Melissa and I didn’t start this blog to become victims. It was never about sympathy. We wanted to document a moment in time. We didn’t want this experience to define us, but suddenly it felt like it was. I opened up in my writing and I worried that people were now thinking of me as devastated and damaged, characterized by a single struggle. Without a doubt, when you’re dealing with infertility, it can feel all-consuming, but it is still just one element in a multifaceted life. Through our writing, we were looking to, quite literally, define this experience. I don’t mean that in an empowering “grab the bull by the horns,” “you got this” way. I mean that we wanted to define it intellectually. It was a challenge to ourselves. We wanted to see how deep we could go as creators and writers to put into words what we were going through; to go to those places that we avoid articulating. We were seeking words for the pain, anger, and frustration that people in our shoes feel but do not talk about.
The bottom line is, this is like a lot in life - a struggle. Struggle isn’t just hard to go through, it’s hard to talk about. Joy is easy to define. Joy is what everyone shares. It floods our social media feeds. But pain is the most human of emotions. Pain is what makes us human. Later in that Sopranos scene, Tony finds his own nugget of truth: “Could I be happier? Yeah, who couldn’t.” Is there a better expression of what it is to be human? We could always be happier. Everyone has that anxiety and stress that keeps them from being present and keeps them up at night. For us, if it wasn’t infertility, it would be something else. Melissa and I aren’t more or less happy than everyone else, we’re just seeking to put our experience out there.

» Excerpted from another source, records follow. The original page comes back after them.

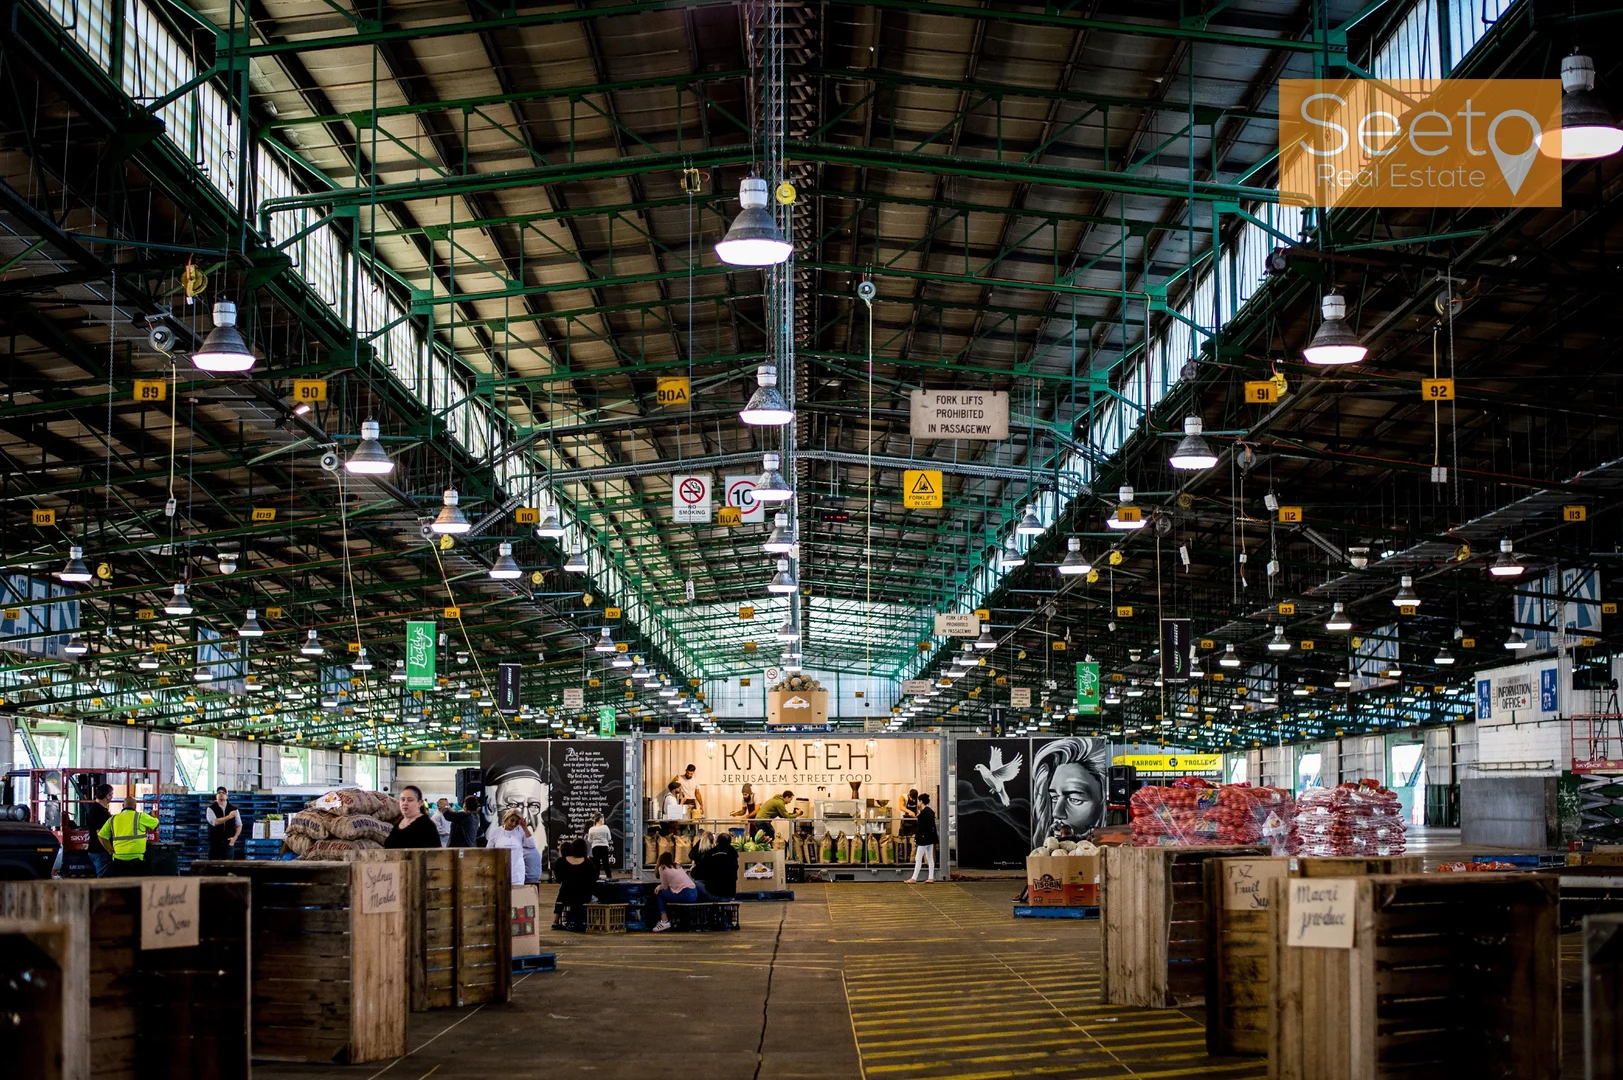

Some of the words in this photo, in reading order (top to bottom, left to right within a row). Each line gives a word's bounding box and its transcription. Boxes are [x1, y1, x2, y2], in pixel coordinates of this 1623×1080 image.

[142, 387, 158, 398] 89
[302, 387, 318, 398] 90
[658, 388, 686, 401] 90A
[1257, 388, 1269, 400] 91
[1430, 386, 1447, 397] 92
[936, 395, 957, 404] FORK
[961, 396, 984, 405] LIFTS
[936, 409, 984, 418] PROHIBITED
[928, 424, 936, 432] IN
[940, 424, 992, 434] PASSAGEWAY
[732, 488, 756, 505] 10
[36, 514, 50, 523] 108
[522, 513, 533, 521] 110
[720, 514, 740, 523] 110A
[1285, 512, 1296, 520] 112
[1570, 511, 1580, 519] 113
[1498, 683, 1531, 698] INFORMATION
[1502, 697, 1521, 710] OFFICE
[722, 744, 869, 770] KNAFEH
[722, 774, 788, 782] JERUSALEM
[793, 774, 834, 782] STREET
[840, 774, 872, 782] FOOD
[366, 867, 393, 888] Sydney
[1234, 880, 1260, 895] Fruit
[1298, 906, 1346, 940] produce
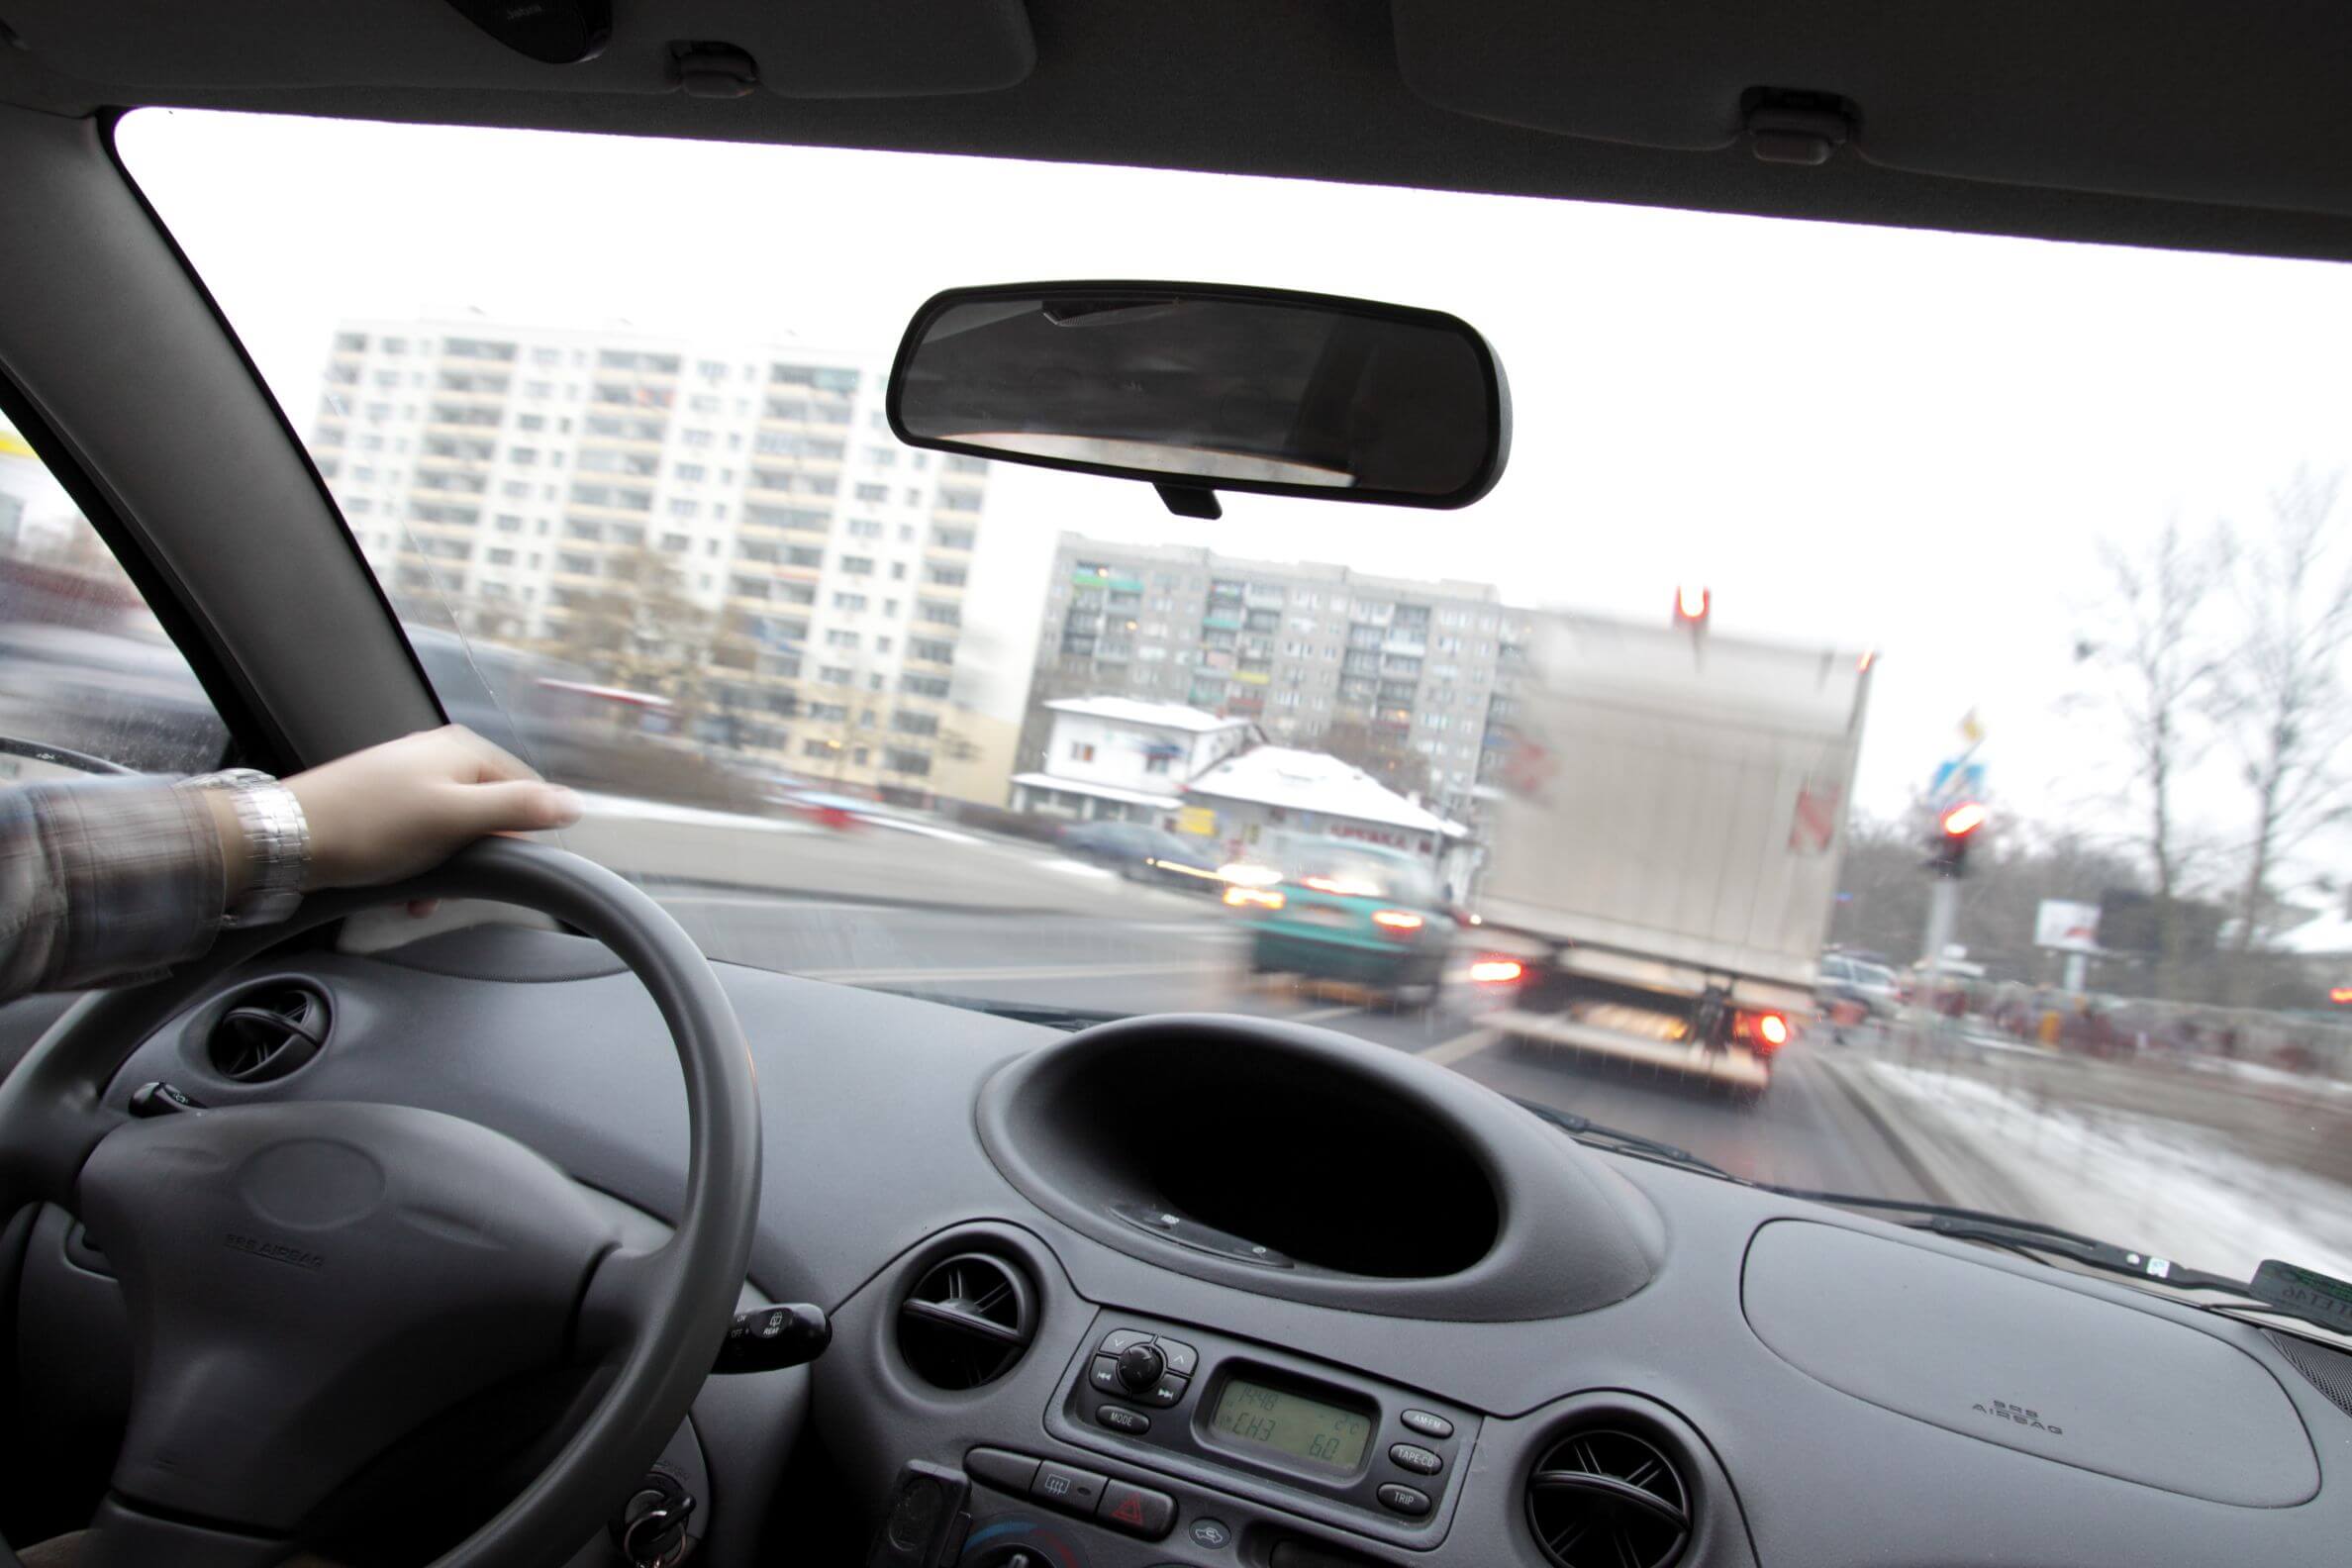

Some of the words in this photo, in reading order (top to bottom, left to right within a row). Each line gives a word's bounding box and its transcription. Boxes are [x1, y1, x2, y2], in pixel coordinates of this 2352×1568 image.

[1112, 1412, 1133, 1426] MODE
[1972, 1404, 2064, 1435] AIRBAG
[1994, 1400, 2039, 1420] SRS
[1310, 1433, 1339, 1461] 60
[1394, 1491, 1415, 1506] TRIP

The bottom line is, like Gary Cooper, however we all feel, we all have shit to do. And the world, as a whole, is indifferent to our struggles. Bills need to be paid, work needs to be done, the dog ain’t going to walk itself. Life doesn’t stop for our feelings, so despite our struggles, we get out of bed in the morning and get to work. Speaking to emotion, understanding our oh-so-unmasculine feelings will not change our ability to do what we have to do, so why are we all so hesitant to be open? No matter what happens, Melissa and I are going to keep going forward in life. It would be one of life's great devastations to not have children. But don’t we all end up with great devastations? As Melissa likes to tell me, “We all have our cross to bear.” What can you do but move forward? And in the moment, what can you do but grin and bear it?

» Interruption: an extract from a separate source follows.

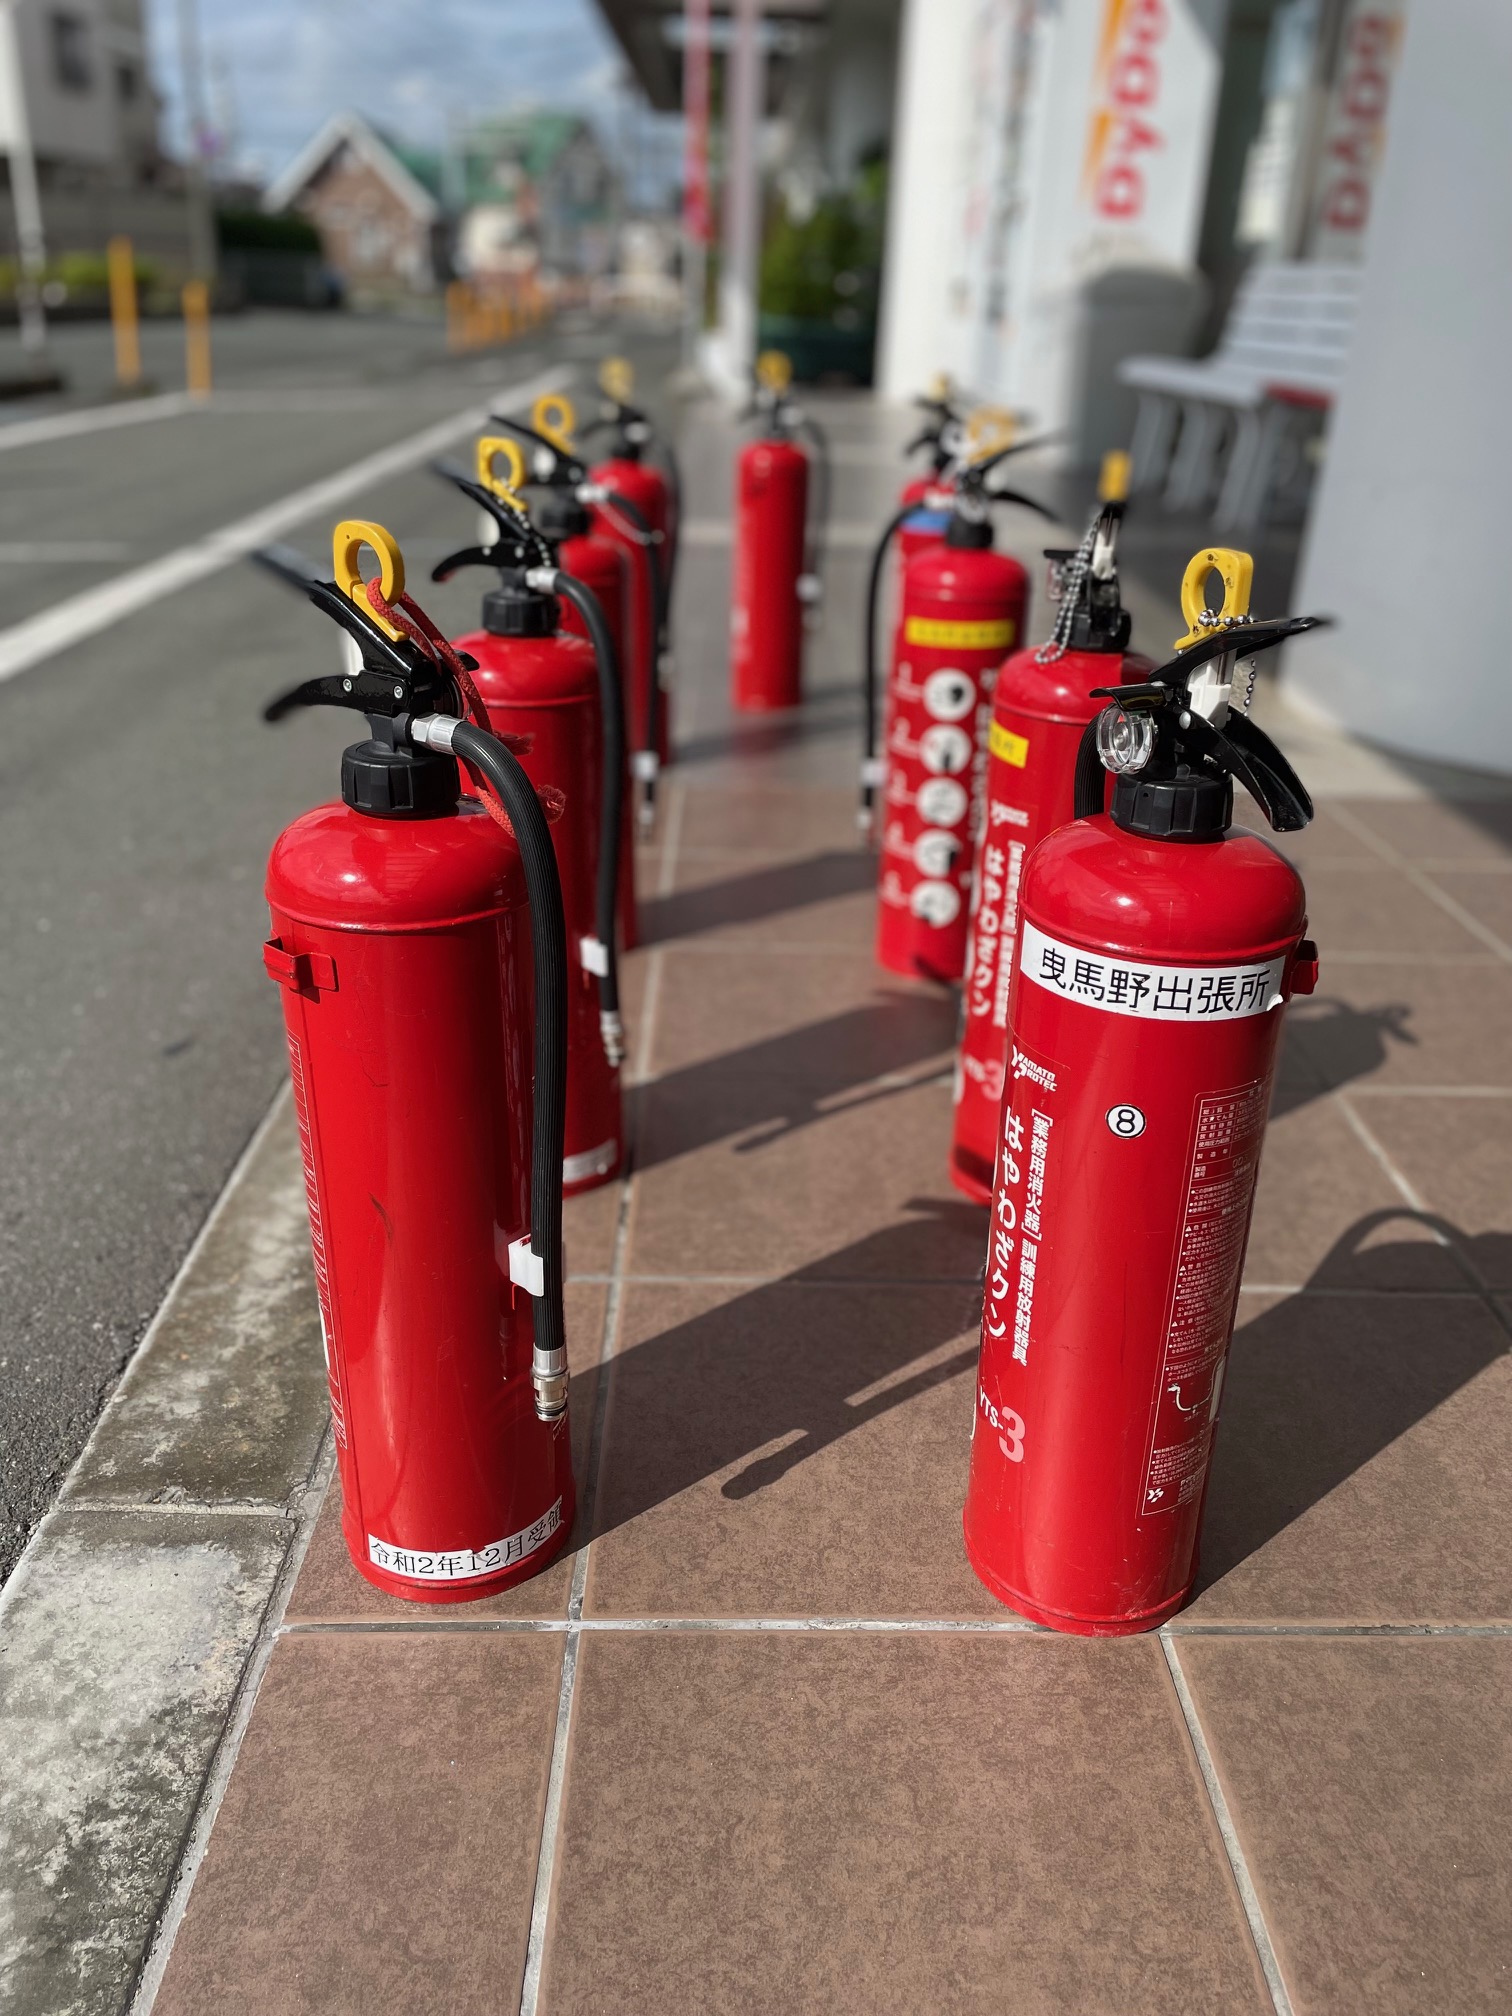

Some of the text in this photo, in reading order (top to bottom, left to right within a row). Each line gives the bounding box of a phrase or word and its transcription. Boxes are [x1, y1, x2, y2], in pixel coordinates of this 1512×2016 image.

[1039, 947, 1271, 1014] 曳馬野出張所
[1011, 1044, 1056, 1081] YAMATO
[988, 1105, 1025, 1338] はやわざクン
[979, 1385, 1026, 1463] YTS-3

This doesn’t mean we have to sit around complaining all the time, but what’s wrong with genuine deepness and honesty? We’re conditioned to avoid and hide our pain. Pain is awkward. We don't know what to say. But pain is as much a part of life as everything else. We don’t need to hide how we feel to be strong silent types. It’s surface-level bullshit. Tony storms out of Dr. Melfi’s office and of course, proceeds to have another panic attack that will drive him back to her. Hiding the struggle does nothing. Vocalizing my pain and frustration hasn't made it more real; instead, it's made me feel free.